- THE TASK: What you return should be the complete data below, word for word, with no pictures in it.

=== Begin Enclosure ===

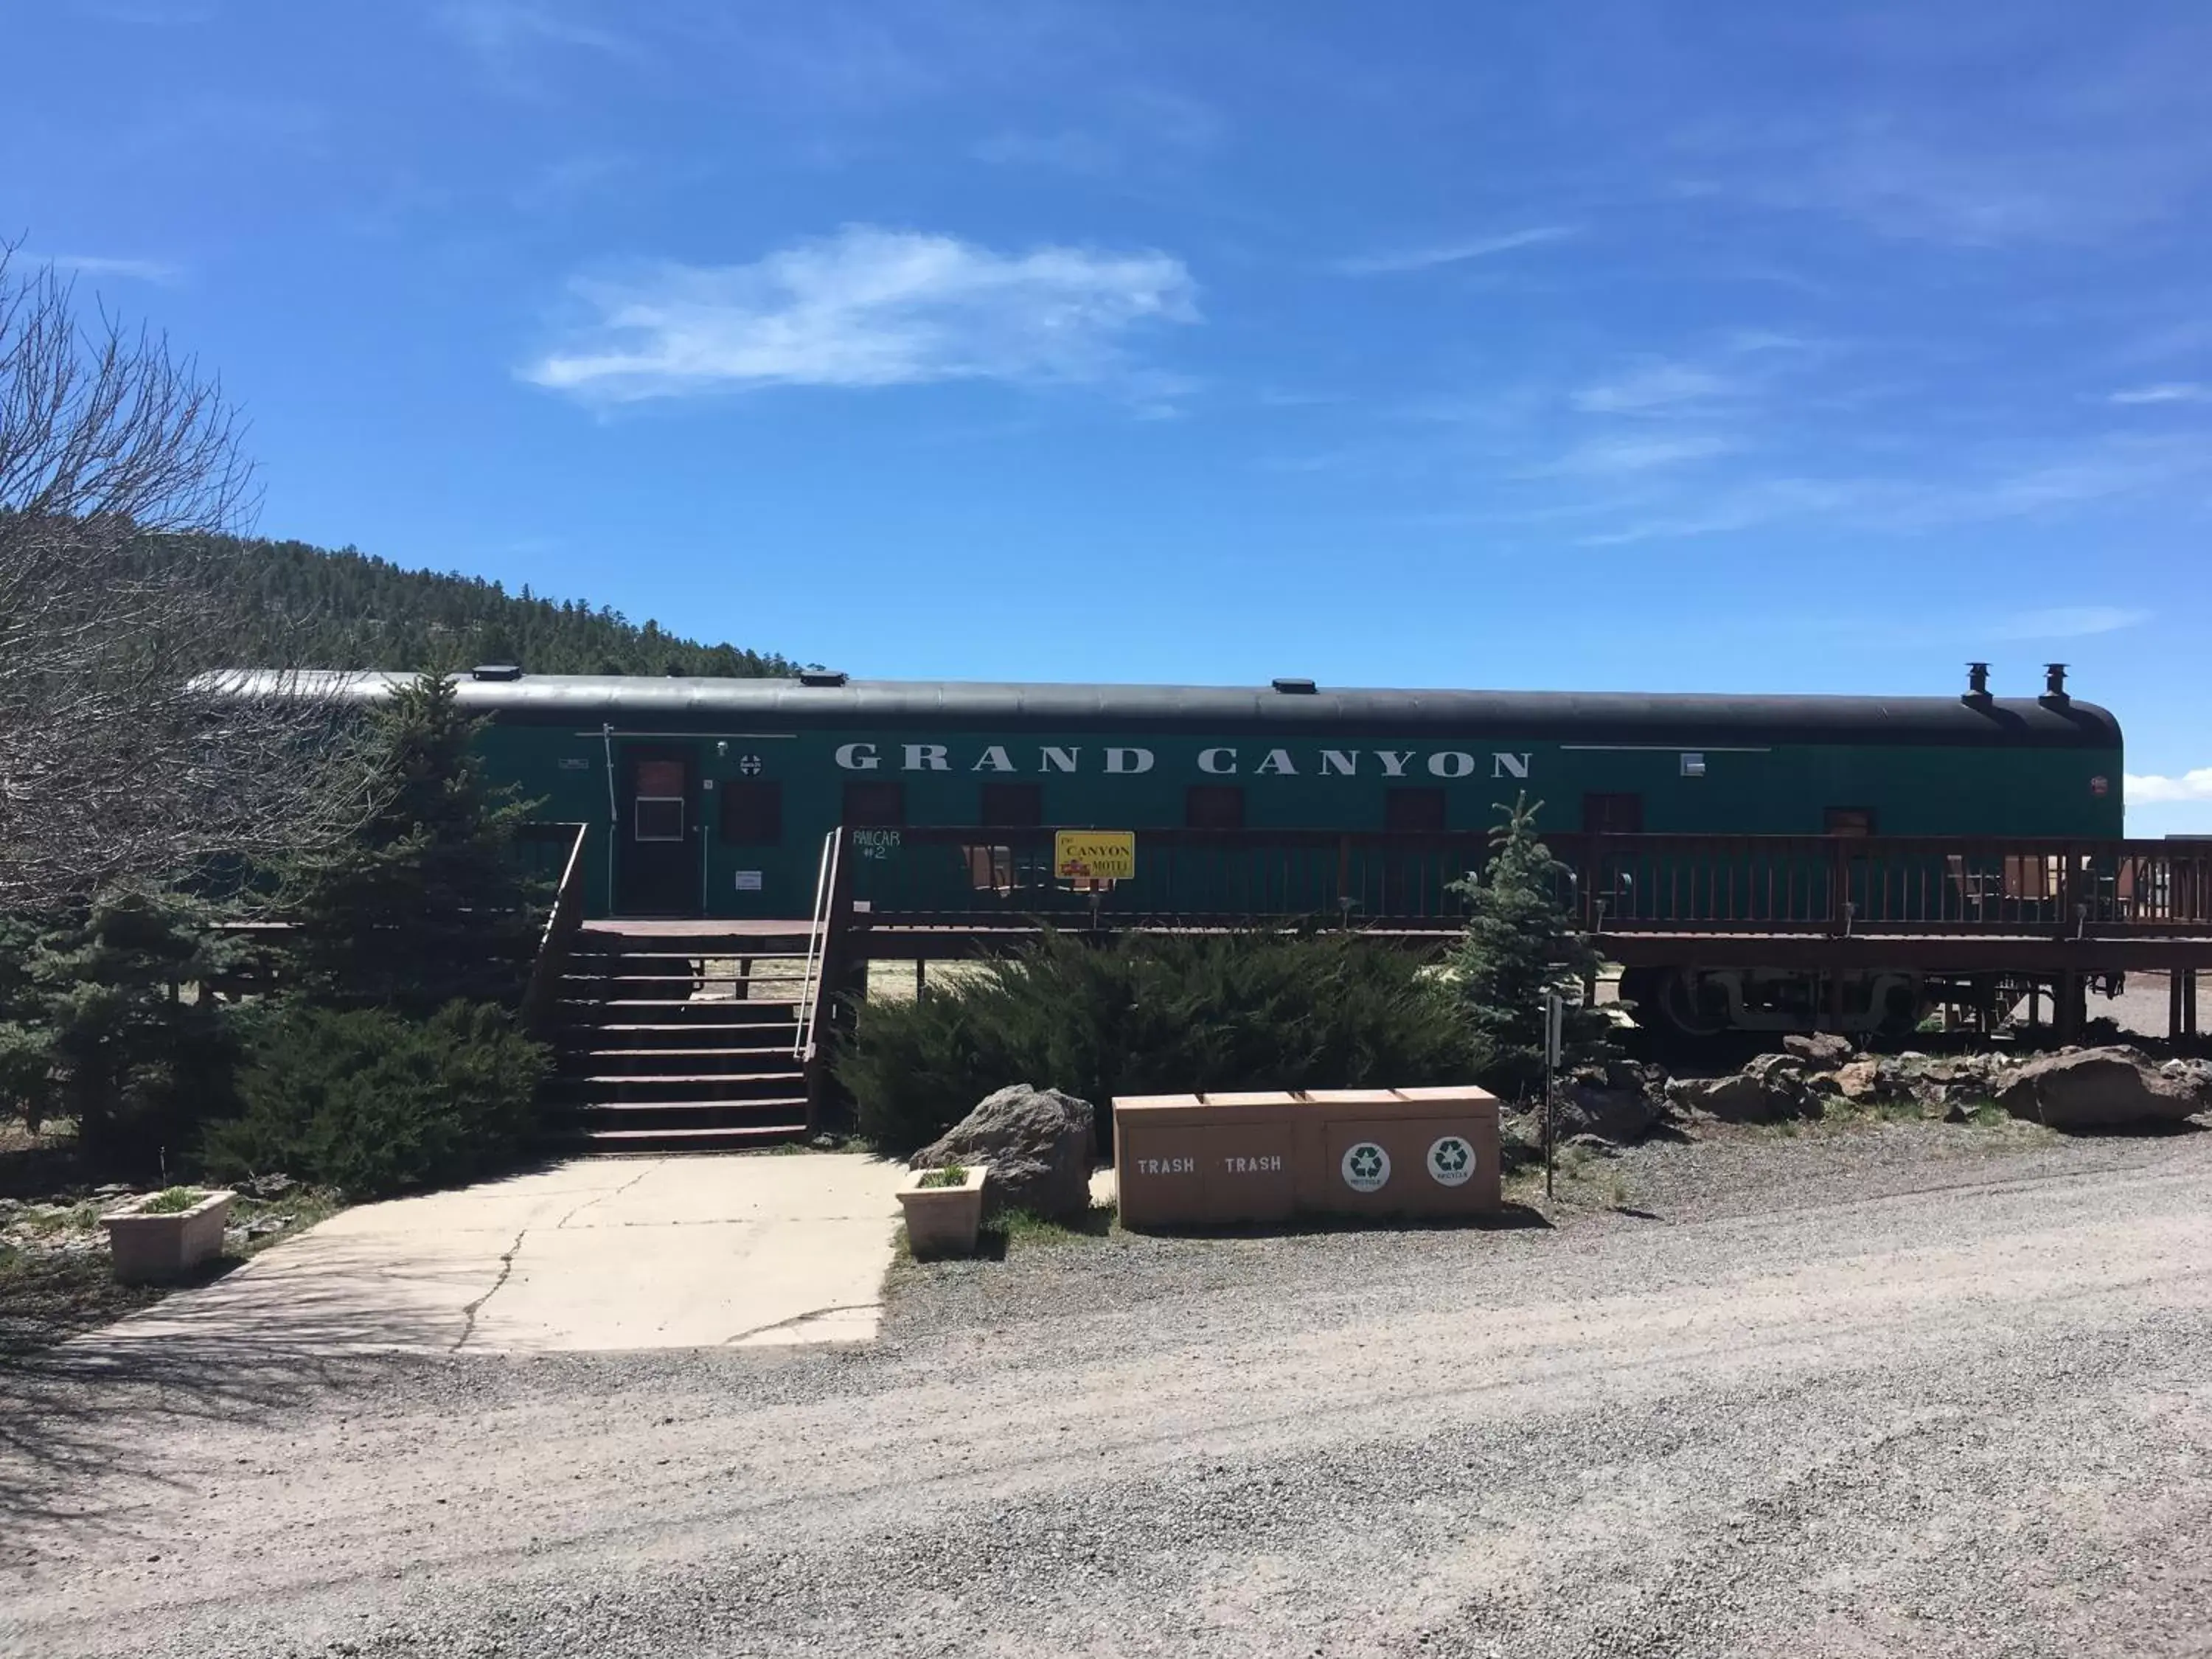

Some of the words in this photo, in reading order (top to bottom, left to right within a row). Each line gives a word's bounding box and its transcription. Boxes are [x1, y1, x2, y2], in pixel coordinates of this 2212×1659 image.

[835, 743, 1155, 773] GRAND
[1197, 748, 1534, 779] CANYON
[853, 830, 900, 847] RAILCAR
[864, 846, 887, 859] #2
[1067, 845, 1130, 856] CANYON
[1138, 1157, 1194, 1175] TRASH
[1225, 1156, 1281, 1173] TRASH
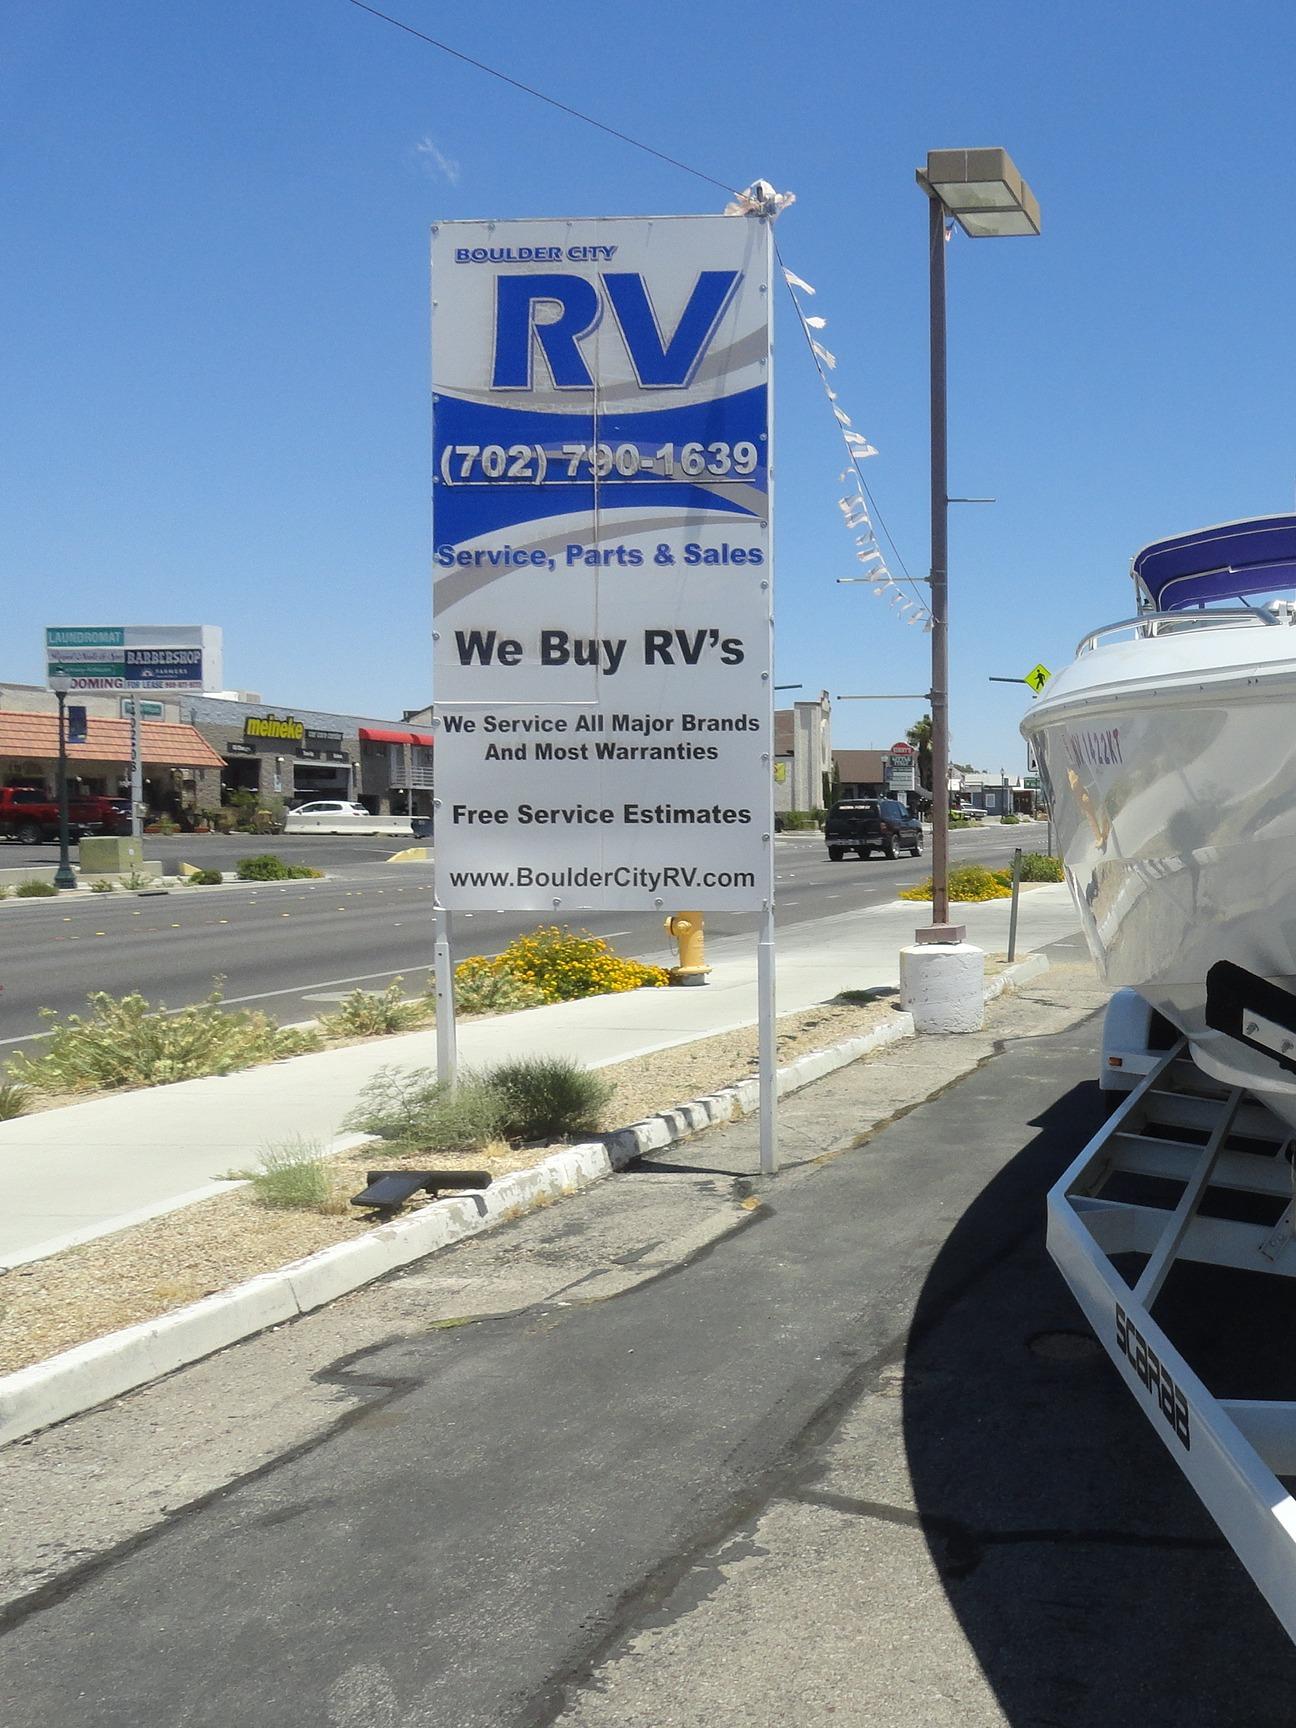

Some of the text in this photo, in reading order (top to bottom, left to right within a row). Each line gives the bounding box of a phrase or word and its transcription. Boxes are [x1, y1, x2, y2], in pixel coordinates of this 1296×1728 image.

=== End Enclosure ===

- RESPONSE TO THIS TASK:
Some of the words in this photo, in reading order (top to bottom, left to right within a row). Each line gives a word's bounding box and its transcription. Boxes are [x1, y1, x2, y2], in pixel coordinates of this 2212×1659 image.

[835, 743, 1155, 773] GRAND
[1197, 748, 1534, 779] CANYON
[853, 830, 900, 847] RAILCAR
[864, 846, 887, 859] #2
[1067, 845, 1130, 856] CANYON
[1138, 1157, 1194, 1175] TRASH
[1225, 1156, 1281, 1173] TRASH

Some of the text in this photo, in reading order (top to bottom, left to right within a row). Each line gives the bounding box of a phrase or word and its transcription. Boxes are [x1, y1, x2, y2], in pixel coordinates of this 1296×1728 image.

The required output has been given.